WHAT IS REQUIRED | The answer must be an exact copy of the records, with every picture left out.

━━━ INFORMATION GIVEN

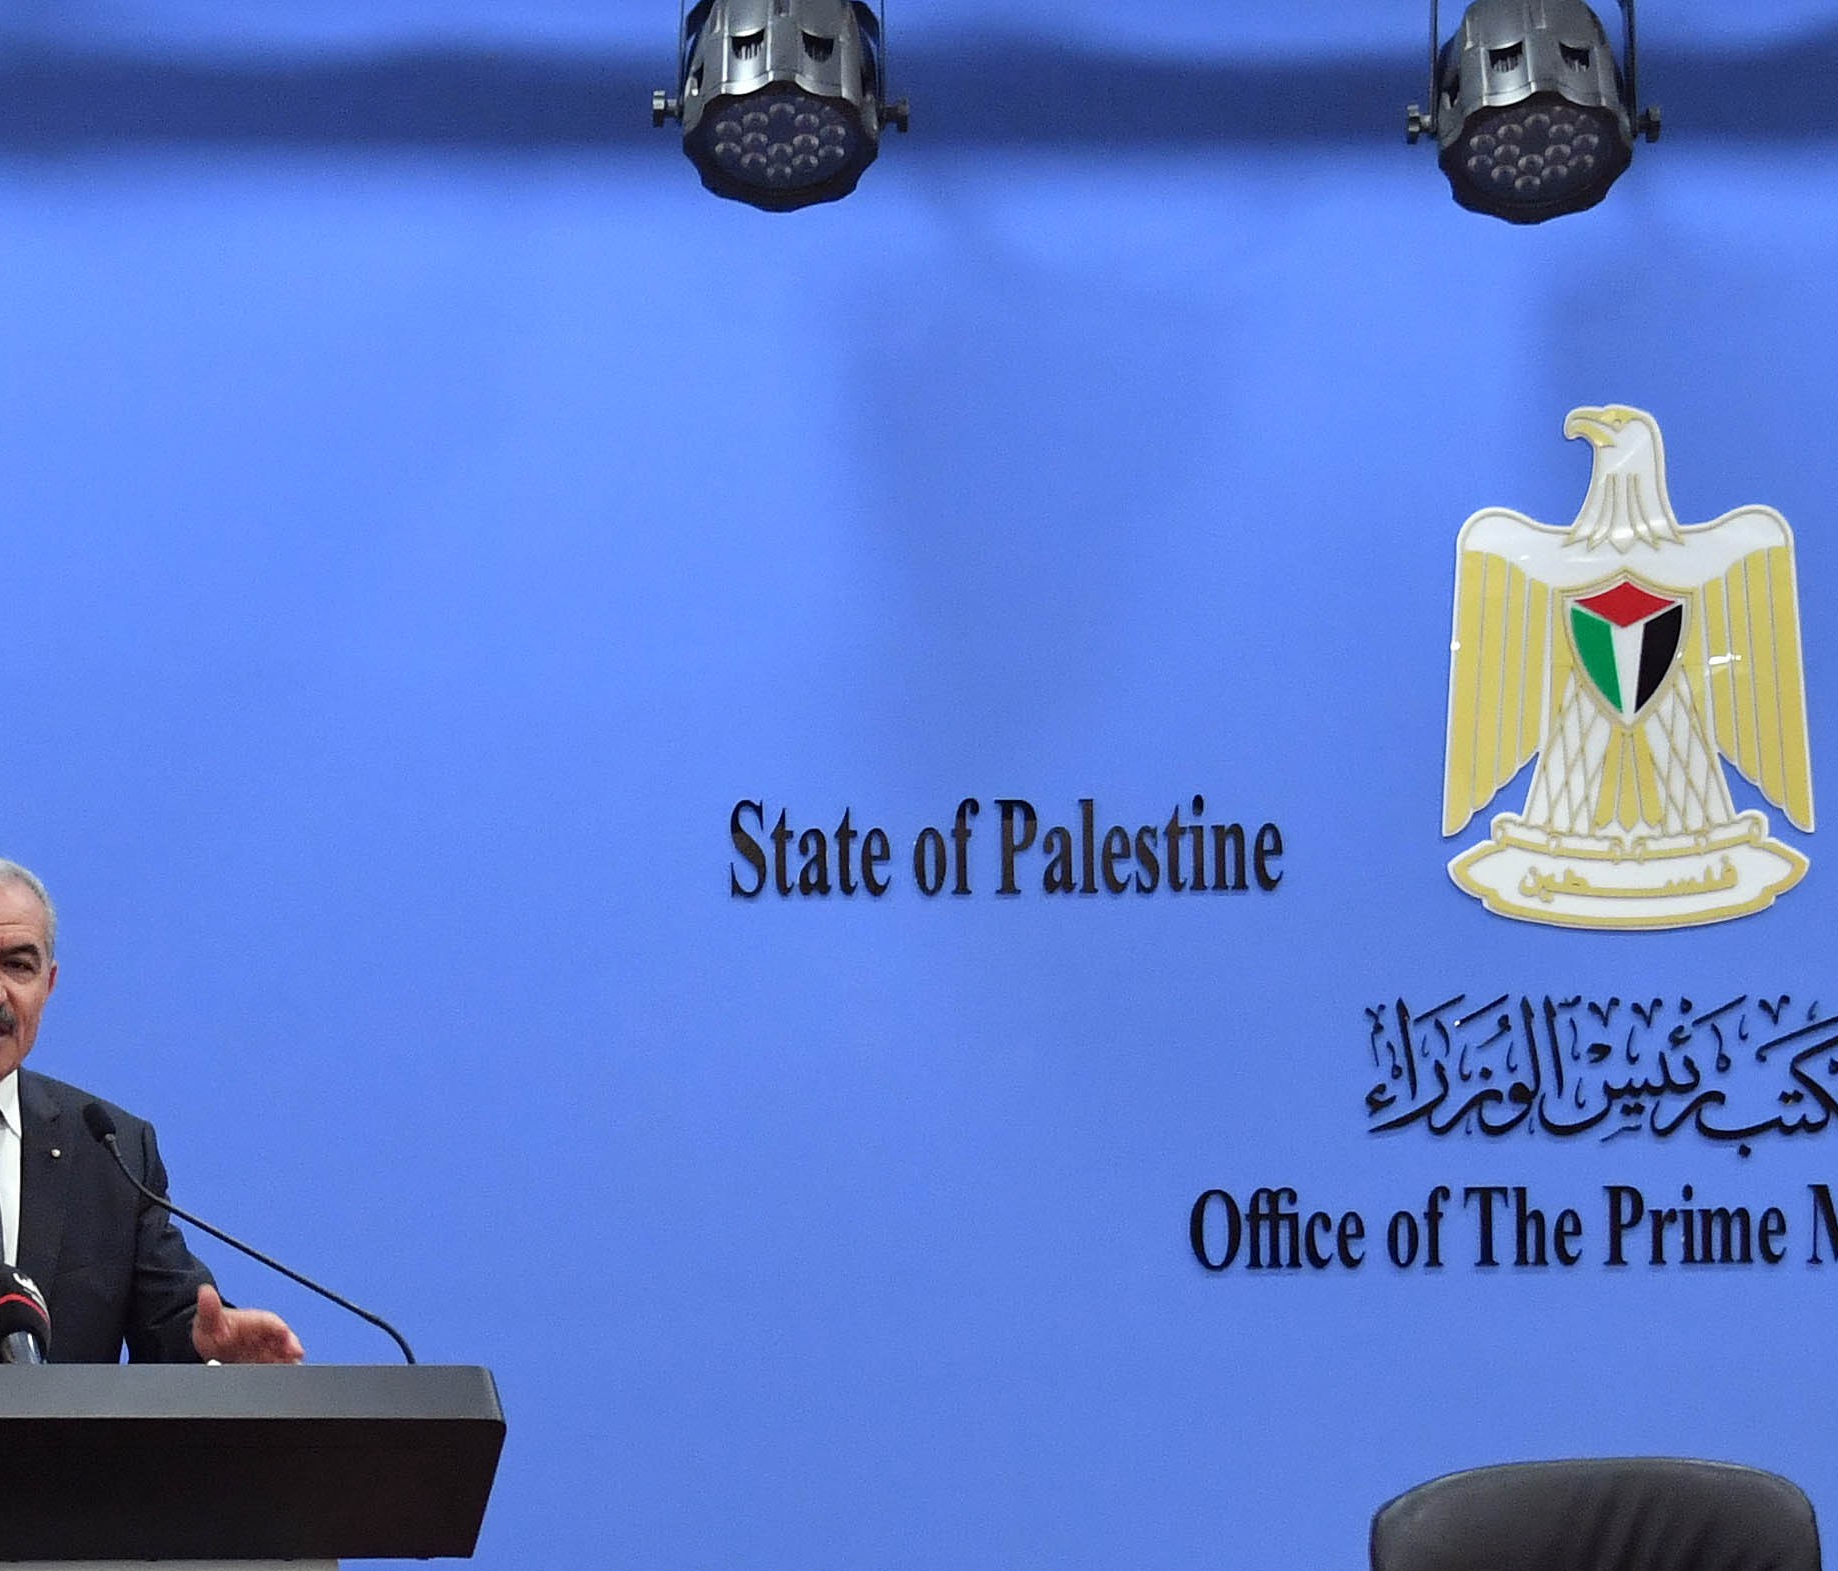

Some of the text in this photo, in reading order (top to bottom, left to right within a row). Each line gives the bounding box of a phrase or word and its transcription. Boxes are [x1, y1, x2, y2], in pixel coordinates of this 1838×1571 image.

[729, 793, 1286, 899] State of Palestine
[1364, 994, 1565, 1136] الوزراء
[1189, 1185, 1366, 1273] Office
[1386, 1185, 1451, 1269] of
[1463, 1185, 1583, 1268] The
[1601, 1183, 1788, 1267] Prime

━━━━━━

EXERCISE OUTPUT |
Some of the text in this photo, in reading order (top to bottom, left to right within a row). Each line gives the bounding box of a phrase or word and its transcription. Boxes are [x1, y1, x2, y2], in pixel coordinates of this 1838×1571 image.

[729, 793, 1286, 899] State of Palestine
[1364, 994, 1565, 1136] الوزراء
[1189, 1185, 1366, 1273] Office
[1386, 1185, 1451, 1269] of
[1463, 1185, 1583, 1268] The
[1601, 1183, 1788, 1267] Prime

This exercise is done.